An out-of-hours Sheffield agency doctor who was jailed for manslaughter after failing to realise his patient had a life-threatening diabetic condition has lost an appeal against his prison sentence.
Andrew Fellows, aged 42, was found dead in bed at his parents’ house in Handsworth, hours after he was visited by 64-year-old Bala Subrahmanyam Kovvali.
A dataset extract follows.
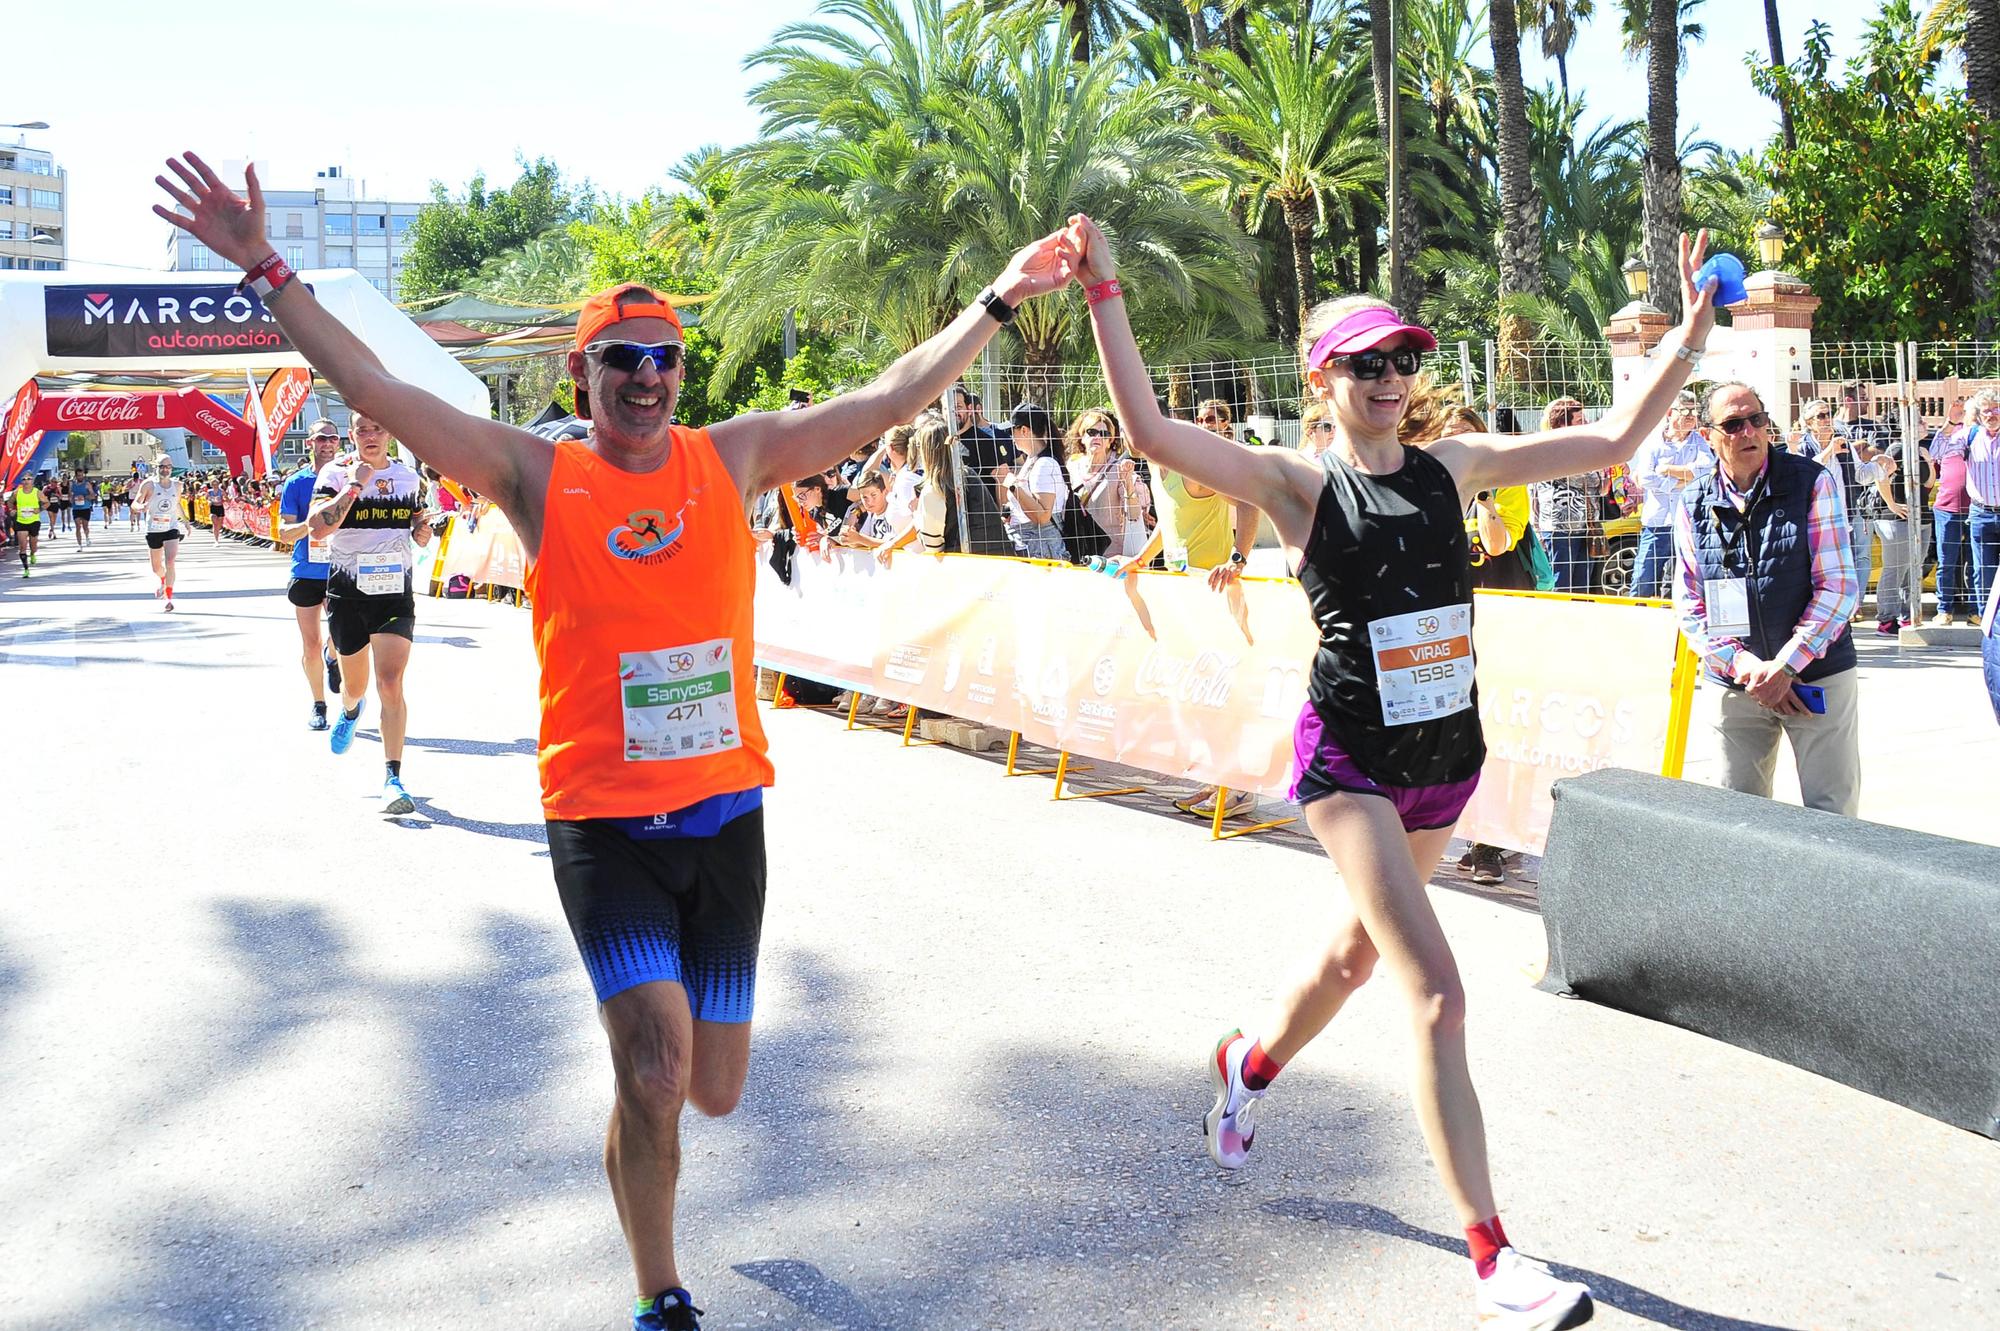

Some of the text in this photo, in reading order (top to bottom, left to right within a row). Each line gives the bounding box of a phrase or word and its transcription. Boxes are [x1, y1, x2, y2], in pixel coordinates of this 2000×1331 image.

The doctor, who left the country afterwards and was extradited from the USA, pleaded guilty to manslaughter and was jailed for two-and-a-half years at Sheffield Crown Court in February.
He appealed against his sentence but judges in London threw out his case, saying he could have saved Mr Fellows’ life by performing simple tests and sending him to hospital.
The Court of Appeal heard Mr Fellows’ mum called for a doctor because her son was drinking huge amounts of water, mumbling, muddled and breathing erratically.
Kovvali visited him at home and diagnosed depression. The following morning Mr Fellows was found dead.
Reports compiled afterwards described the doctor’s actions as ‘appalling’ and a ‘gross breach of duty’.
His lawyers argued the two-and-a-half year sentence was too long, but, rejecting the appeal, Mr Justice Griffith Williams said: “As a very experienced medical practitioner of many years standing, in our judgment he would have realised his treatment of this patient fell so far below the accepted standards that it can properly be categorised as grossly negligent.
“A blood sugar test was the obvious step and would have taken minutes. The risk of death was obviously foreseeable if no steps were taken.”